Our Heritage: Gustavus home was a stop on Underground Railroad
EDITOR’S NOTE: This is part of a weekly series on our region’s history coordinated by the Trumbull County Historical Society.
Trumbull County was heavily involved in the Underground Railroad, with more than 150 miles of trails within its borders.
One of the stops on the Underground Railroad was that of abolitionist George Hezlep’s home in Gustavus. Built around 1832, the home, which doubled as the first store in Gustavus, contained a closet that was used to hide freedom seekers traveling on the Underground Railroad.
George Gray was one of these freedom seekers. Gray was enslaved on a plantation in Virginia. After escaping, he followed the trails of the Underground Railroad from Virginia to Ohio, where he arrived in Hartford, stopping at Azel Tracy’s wagon shop and following the trail to Hezlep’s home in Gustavus shortly afterward.
Once Gray arrived at the Hezlep home, he was hidden in a hogshead barrel. Later, two slave catchers stopped by a tavern across from the Hezlep home and store. In the darkness of the night, Gray was guided by the Hezlep’s out of their house and into the woods where he was hidden in a nearby hay barn.
Shortly after, the slave catchers searched the Hezlep home and found nothing but food scraps and the barrel Gray was hiding in, which they stated was still warm. However, a local person convinced the slave catchers that the fugitive slave was heading to Ashtabula and that they could cut them off enroute. The slave catchers believed them and left the property, heading towards Ashtabula. Gray was then stashed onto a wagon and taken North by other conductors on the Underground Railroad. Gray made it to Canada and later returned to the United States after emancipation.
In 2002, Kadie and Paul Kimpel were the owners of the Hezlep home and upon preparing to do some renovations, they discovered a hidden recess in a wall that contained pages of Hezlep’s diary from 1845. These faded and fragile pages contained the details of his travels, accounts and names of other abolitionists in Trumbull County, which provides a clue into the paths traveled by freedom seekers on the Underground Railroad.
The pages referenced other abolitionists in the area such as Ephraim Brown of Bloomfield, the Andrews’ of Youngstown, the Hubbards of Ashtabula, and Reverend Knox of New Castle, Pa. Later in 2002, the Kimpel’s sold the Hezlep home and relocated their family. The location of the pages of George Hezlep’s diary that the Kimpel’s once held is unknown. The only proof that these pages existed and what they contained are preserved in the lines of a Tribune Chronicle article written in 2002 by David Kerester.

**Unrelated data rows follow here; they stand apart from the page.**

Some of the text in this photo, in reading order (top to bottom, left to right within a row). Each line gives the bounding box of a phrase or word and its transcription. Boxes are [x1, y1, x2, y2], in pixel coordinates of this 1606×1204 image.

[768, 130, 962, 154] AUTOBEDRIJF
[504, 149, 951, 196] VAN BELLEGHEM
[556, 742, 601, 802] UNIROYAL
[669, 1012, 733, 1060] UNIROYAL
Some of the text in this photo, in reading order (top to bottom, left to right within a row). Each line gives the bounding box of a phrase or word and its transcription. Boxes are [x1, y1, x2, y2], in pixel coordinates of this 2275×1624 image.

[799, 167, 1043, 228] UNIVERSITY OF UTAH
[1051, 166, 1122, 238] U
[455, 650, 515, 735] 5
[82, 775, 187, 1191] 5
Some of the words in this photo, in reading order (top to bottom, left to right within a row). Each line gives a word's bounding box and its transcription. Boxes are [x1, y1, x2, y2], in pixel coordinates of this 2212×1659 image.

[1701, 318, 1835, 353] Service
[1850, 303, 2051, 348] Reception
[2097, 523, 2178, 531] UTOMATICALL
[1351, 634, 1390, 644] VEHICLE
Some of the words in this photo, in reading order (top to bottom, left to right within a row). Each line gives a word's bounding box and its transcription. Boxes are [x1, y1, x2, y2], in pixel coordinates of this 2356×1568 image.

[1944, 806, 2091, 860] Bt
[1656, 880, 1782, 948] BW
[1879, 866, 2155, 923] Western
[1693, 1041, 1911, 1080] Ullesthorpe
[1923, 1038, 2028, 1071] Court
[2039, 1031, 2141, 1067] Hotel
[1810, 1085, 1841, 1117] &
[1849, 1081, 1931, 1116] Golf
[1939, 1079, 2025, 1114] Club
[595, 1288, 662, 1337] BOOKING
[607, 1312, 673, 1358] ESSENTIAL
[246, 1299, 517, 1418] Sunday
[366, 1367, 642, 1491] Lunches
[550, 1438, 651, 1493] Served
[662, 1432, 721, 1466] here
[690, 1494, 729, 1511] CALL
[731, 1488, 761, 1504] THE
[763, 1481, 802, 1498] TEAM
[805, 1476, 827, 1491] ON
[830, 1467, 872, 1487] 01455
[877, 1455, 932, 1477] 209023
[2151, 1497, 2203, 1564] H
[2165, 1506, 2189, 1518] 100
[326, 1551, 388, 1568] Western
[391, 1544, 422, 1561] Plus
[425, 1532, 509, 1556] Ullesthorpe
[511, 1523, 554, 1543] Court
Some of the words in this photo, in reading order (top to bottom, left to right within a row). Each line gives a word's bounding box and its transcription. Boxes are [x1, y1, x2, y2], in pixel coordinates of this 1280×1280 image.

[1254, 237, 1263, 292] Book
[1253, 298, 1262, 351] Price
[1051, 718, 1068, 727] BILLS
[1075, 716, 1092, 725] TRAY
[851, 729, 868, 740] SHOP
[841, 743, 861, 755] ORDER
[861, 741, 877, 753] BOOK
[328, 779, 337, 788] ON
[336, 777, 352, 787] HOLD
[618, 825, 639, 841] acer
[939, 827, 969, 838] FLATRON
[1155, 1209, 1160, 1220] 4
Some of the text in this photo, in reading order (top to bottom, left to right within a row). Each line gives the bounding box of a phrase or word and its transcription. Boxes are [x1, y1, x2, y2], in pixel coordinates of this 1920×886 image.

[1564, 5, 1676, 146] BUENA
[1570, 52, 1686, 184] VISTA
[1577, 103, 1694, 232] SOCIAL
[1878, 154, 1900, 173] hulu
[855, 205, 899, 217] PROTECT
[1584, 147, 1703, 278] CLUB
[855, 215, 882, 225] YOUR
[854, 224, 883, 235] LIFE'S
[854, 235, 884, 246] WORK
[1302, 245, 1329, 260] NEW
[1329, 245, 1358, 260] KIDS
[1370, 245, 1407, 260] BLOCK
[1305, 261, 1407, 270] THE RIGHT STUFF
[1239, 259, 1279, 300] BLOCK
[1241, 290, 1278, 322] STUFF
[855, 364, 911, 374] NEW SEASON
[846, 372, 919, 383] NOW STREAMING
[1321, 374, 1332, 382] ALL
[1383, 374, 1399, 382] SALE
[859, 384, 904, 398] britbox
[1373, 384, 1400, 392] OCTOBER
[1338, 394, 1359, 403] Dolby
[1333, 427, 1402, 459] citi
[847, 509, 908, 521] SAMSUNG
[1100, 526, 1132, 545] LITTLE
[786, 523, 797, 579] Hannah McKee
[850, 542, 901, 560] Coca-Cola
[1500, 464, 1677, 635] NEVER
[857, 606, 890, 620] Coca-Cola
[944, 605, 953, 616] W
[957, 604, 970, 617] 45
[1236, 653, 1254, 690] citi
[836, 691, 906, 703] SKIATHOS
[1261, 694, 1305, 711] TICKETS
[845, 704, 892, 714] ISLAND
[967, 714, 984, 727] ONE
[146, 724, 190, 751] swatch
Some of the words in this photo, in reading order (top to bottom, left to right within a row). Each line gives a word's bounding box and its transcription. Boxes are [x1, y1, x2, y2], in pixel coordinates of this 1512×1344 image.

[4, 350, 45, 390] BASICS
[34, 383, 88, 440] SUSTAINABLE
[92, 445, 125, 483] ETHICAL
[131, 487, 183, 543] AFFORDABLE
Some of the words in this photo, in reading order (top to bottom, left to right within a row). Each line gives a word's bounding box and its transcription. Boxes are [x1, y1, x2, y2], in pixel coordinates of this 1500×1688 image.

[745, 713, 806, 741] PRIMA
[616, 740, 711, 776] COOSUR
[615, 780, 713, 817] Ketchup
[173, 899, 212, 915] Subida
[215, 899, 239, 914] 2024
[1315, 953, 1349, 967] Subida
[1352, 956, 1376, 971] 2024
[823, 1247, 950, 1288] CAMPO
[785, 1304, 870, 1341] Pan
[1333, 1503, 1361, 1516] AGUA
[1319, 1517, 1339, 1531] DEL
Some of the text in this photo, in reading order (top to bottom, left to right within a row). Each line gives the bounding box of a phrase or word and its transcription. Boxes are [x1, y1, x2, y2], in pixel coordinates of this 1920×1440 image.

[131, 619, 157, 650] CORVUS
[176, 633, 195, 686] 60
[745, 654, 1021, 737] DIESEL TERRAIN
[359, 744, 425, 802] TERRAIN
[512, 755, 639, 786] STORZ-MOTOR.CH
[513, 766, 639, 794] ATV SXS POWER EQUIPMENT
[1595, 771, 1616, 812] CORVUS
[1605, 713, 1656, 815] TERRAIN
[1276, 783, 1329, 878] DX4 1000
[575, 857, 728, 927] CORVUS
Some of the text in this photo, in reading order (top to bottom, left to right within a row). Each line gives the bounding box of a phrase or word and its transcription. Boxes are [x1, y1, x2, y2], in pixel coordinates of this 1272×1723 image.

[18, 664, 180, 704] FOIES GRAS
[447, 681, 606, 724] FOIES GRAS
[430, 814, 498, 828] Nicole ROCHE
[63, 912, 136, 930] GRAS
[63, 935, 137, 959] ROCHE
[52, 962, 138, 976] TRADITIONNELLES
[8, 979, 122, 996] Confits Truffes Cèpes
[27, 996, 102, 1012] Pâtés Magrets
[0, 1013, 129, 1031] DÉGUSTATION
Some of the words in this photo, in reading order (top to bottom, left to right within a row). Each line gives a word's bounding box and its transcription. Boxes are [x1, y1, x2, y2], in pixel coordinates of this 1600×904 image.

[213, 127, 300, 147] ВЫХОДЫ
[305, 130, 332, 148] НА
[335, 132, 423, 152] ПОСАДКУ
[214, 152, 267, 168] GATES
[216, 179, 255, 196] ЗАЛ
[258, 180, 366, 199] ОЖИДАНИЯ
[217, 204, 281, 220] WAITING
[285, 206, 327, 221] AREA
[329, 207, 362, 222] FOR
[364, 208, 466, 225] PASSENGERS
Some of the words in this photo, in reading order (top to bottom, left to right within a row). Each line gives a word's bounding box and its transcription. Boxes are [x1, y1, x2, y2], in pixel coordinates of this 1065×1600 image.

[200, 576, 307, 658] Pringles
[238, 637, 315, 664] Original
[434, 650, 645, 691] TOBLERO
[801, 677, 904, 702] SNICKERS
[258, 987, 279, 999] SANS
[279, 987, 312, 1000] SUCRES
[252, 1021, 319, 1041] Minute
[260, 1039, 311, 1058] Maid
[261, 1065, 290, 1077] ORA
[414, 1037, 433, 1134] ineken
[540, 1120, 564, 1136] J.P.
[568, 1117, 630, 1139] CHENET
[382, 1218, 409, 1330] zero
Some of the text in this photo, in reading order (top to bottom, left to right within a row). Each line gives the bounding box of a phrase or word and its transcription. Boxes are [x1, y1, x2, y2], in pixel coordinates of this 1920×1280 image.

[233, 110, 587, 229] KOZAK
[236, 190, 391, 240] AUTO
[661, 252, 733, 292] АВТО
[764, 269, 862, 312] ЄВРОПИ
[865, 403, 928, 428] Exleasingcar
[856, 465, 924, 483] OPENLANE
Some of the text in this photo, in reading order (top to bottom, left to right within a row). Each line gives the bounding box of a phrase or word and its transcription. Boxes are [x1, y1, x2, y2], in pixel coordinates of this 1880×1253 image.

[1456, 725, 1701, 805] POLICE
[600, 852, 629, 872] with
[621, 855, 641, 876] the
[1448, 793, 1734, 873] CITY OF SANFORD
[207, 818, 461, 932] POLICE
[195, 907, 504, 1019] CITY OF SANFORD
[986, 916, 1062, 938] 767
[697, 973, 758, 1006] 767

As with any Underground Railroad site, finding definitive proof of its involvement on the Underground Railroad is extremely difficult. These diary pages provide evidence that Hezlep’s home was a stop on the Underground Railroad. The Hezlep home was one of the first hundred houses in Ohio to be recognized as an official Historic Underground Railroad site by the Ohio History Connection.